**Aim of the exercise**
Each record below needs to be written out exactly as it appears.

[Records from a data source]

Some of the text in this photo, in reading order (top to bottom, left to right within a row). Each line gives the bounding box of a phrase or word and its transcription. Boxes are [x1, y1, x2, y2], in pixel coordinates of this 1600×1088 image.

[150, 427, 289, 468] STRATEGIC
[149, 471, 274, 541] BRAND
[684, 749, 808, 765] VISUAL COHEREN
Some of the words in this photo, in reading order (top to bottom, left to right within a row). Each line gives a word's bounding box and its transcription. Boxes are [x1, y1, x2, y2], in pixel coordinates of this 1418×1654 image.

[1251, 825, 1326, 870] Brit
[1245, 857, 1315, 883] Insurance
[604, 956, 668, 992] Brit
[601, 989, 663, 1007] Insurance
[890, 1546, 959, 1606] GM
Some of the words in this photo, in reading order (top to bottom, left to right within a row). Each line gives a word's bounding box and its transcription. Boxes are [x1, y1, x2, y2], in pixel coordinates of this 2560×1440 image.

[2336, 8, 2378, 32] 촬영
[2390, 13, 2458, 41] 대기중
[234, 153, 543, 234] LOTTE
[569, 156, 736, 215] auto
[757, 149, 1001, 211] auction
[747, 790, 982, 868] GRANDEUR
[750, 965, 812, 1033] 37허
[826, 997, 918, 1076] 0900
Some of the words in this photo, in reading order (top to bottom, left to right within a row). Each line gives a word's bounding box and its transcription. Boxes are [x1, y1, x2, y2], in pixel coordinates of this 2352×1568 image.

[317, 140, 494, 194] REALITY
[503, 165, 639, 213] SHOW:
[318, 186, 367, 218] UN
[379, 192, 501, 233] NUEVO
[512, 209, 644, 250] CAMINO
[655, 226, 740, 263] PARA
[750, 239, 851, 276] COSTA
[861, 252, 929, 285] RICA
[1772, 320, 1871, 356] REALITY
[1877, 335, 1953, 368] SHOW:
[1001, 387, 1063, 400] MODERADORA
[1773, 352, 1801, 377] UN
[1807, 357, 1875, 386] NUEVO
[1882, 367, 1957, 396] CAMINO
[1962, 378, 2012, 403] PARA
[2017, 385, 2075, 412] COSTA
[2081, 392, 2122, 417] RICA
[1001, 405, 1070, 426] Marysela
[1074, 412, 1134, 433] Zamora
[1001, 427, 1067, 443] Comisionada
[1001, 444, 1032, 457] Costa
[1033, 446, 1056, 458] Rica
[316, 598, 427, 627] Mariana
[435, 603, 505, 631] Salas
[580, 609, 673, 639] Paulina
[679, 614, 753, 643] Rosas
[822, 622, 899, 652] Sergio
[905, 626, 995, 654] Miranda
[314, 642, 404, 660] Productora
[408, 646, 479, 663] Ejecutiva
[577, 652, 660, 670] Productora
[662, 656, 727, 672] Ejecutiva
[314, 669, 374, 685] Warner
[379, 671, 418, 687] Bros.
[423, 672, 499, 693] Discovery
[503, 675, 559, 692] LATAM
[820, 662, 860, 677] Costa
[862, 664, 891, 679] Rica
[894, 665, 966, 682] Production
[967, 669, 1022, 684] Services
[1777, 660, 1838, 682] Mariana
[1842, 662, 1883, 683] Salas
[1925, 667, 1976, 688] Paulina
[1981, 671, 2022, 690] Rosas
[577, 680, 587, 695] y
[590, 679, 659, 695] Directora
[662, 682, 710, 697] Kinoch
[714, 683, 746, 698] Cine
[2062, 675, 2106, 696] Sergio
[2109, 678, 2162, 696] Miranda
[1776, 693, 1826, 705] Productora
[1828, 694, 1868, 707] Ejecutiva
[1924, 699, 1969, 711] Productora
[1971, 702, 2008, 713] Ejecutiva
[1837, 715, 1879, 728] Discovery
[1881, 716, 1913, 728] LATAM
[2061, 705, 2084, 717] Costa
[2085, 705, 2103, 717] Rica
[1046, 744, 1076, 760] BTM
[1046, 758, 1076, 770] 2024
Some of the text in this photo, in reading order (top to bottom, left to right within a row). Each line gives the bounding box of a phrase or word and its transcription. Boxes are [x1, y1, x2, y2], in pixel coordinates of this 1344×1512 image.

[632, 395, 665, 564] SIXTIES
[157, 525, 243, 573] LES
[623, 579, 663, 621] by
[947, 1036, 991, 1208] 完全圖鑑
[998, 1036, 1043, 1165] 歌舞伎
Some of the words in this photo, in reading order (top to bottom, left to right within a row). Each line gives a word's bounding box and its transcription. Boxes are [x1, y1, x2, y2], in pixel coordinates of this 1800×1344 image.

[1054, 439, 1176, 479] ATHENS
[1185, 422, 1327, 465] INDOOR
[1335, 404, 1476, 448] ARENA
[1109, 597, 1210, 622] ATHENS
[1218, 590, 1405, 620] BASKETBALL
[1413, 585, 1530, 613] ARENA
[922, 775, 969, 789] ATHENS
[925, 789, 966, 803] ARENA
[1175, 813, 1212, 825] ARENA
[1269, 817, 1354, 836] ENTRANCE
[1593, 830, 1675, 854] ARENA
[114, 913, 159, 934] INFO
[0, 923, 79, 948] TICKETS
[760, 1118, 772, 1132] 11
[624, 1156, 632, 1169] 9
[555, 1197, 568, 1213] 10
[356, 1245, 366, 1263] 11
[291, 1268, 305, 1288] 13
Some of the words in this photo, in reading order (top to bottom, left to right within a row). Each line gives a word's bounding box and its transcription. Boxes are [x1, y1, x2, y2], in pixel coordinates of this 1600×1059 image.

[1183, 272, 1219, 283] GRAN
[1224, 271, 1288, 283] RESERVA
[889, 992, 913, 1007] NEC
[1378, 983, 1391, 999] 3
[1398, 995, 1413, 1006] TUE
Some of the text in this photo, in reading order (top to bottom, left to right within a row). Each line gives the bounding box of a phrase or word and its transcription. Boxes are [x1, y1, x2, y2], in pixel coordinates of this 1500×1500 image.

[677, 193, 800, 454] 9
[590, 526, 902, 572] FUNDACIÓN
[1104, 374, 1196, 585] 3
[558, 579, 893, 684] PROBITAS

**Solution to this problem**
Some of the text in this photo, in reading order (top to bottom, left to right within a row). Each line gives the bounding box of a phrase or word and its transcription. Boxes are [x1, y1, x2, y2], in pixel coordinates of this 1600×1088 image.

[150, 427, 289, 468] STRATEGIC
[149, 471, 274, 541] BRAND
[684, 749, 808, 765] VISUAL COHEREN
Some of the words in this photo, in reading order (top to bottom, left to right within a row). Each line gives a word's bounding box and its transcription. Boxes are [x1, y1, x2, y2], in pixel coordinates of this 1418×1654 image.

[1251, 825, 1326, 870] Brit
[1245, 857, 1315, 883] Insurance
[604, 956, 668, 992] Brit
[601, 989, 663, 1007] Insurance
[890, 1546, 959, 1606] GM
Some of the words in this photo, in reading order (top to bottom, left to right within a row). Each line gives a word's bounding box and its transcription. Boxes are [x1, y1, x2, y2], in pixel coordinates of this 2560×1440 image.

[2336, 8, 2378, 32] 촬영
[2390, 13, 2458, 41] 대기중
[234, 153, 543, 234] LOTTE
[569, 156, 736, 215] auto
[757, 149, 1001, 211] auction
[747, 790, 982, 868] GRANDEUR
[750, 965, 812, 1033] 37허
[826, 997, 918, 1076] 0900
Some of the words in this photo, in reading order (top to bottom, left to right within a row). Each line gives a word's bounding box and its transcription. Boxes are [x1, y1, x2, y2], in pixel coordinates of this 2352×1568 image.

[317, 140, 494, 194] REALITY
[503, 165, 639, 213] SHOW:
[318, 186, 367, 218] UN
[379, 192, 501, 233] NUEVO
[512, 209, 644, 250] CAMINO
[655, 226, 740, 263] PARA
[750, 239, 851, 276] COSTA
[861, 252, 929, 285] RICA
[1772, 320, 1871, 356] REALITY
[1877, 335, 1953, 368] SHOW:
[1001, 387, 1063, 400] MODERADORA
[1773, 352, 1801, 377] UN
[1807, 357, 1875, 386] NUEVO
[1882, 367, 1957, 396] CAMINO
[1962, 378, 2012, 403] PARA
[2017, 385, 2075, 412] COSTA
[2081, 392, 2122, 417] RICA
[1001, 405, 1070, 426] Marysela
[1074, 412, 1134, 433] Zamora
[1001, 427, 1067, 443] Comisionada
[1001, 444, 1032, 457] Costa
[1033, 446, 1056, 458] Rica
[316, 598, 427, 627] Mariana
[435, 603, 505, 631] Salas
[580, 609, 673, 639] Paulina
[679, 614, 753, 643] Rosas
[822, 622, 899, 652] Sergio
[905, 626, 995, 654] Miranda
[314, 642, 404, 660] Productora
[408, 646, 479, 663] Ejecutiva
[577, 652, 660, 670] Productora
[662, 656, 727, 672] Ejecutiva
[314, 669, 374, 685] Warner
[379, 671, 418, 687] Bros.
[423, 672, 499, 693] Discovery
[503, 675, 559, 692] LATAM
[820, 662, 860, 677] Costa
[862, 664, 891, 679] Rica
[894, 665, 966, 682] Production
[967, 669, 1022, 684] Services
[1777, 660, 1838, 682] Mariana
[1842, 662, 1883, 683] Salas
[1925, 667, 1976, 688] Paulina
[1981, 671, 2022, 690] Rosas
[577, 680, 587, 695] y
[590, 679, 659, 695] Directora
[662, 682, 710, 697] Kinoch
[714, 683, 746, 698] Cine
[2062, 675, 2106, 696] Sergio
[2109, 678, 2162, 696] Miranda
[1776, 693, 1826, 705] Productora
[1828, 694, 1868, 707] Ejecutiva
[1924, 699, 1969, 711] Productora
[1971, 702, 2008, 713] Ejecutiva
[1837, 715, 1879, 728] Discovery
[1881, 716, 1913, 728] LATAM
[2061, 705, 2084, 717] Costa
[2085, 705, 2103, 717] Rica
[1046, 744, 1076, 760] BTM
[1046, 758, 1076, 770] 2024
Some of the text in this photo, in reading order (top to bottom, left to right within a row). Each line gives the bounding box of a phrase or word and its transcription. Boxes are [x1, y1, x2, y2], in pixel coordinates of this 1344×1512 image.

[632, 395, 665, 564] SIXTIES
[157, 525, 243, 573] LES
[623, 579, 663, 621] by
[947, 1036, 991, 1208] 完全圖鑑
[998, 1036, 1043, 1165] 歌舞伎
Some of the words in this photo, in reading order (top to bottom, left to right within a row). Each line gives a word's bounding box and its transcription. Boxes are [x1, y1, x2, y2], in pixel coordinates of this 1800×1344 image.

[1054, 439, 1176, 479] ATHENS
[1185, 422, 1327, 465] INDOOR
[1335, 404, 1476, 448] ARENA
[1109, 597, 1210, 622] ATHENS
[1218, 590, 1405, 620] BASKETBALL
[1413, 585, 1530, 613] ARENA
[922, 775, 969, 789] ATHENS
[925, 789, 966, 803] ARENA
[1175, 813, 1212, 825] ARENA
[1269, 817, 1354, 836] ENTRANCE
[1593, 830, 1675, 854] ARENA
[114, 913, 159, 934] INFO
[0, 923, 79, 948] TICKETS
[760, 1118, 772, 1132] 11
[624, 1156, 632, 1169] 9
[555, 1197, 568, 1213] 10
[356, 1245, 366, 1263] 11
[291, 1268, 305, 1288] 13
Some of the words in this photo, in reading order (top to bottom, left to right within a row). Each line gives a word's bounding box and its transcription. Boxes are [x1, y1, x2, y2], in pixel coordinates of this 1600×1059 image.

[1183, 272, 1219, 283] GRAN
[1224, 271, 1288, 283] RESERVA
[889, 992, 913, 1007] NEC
[1378, 983, 1391, 999] 3
[1398, 995, 1413, 1006] TUE
Some of the text in this photo, in reading order (top to bottom, left to right within a row). Each line gives the bounding box of a phrase or word and its transcription. Boxes are [x1, y1, x2, y2], in pixel coordinates of this 1500×1500 image.

[677, 193, 800, 454] 9
[590, 526, 902, 572] FUNDACIÓN
[1104, 374, 1196, 585] 3
[558, 579, 893, 684] PROBITAS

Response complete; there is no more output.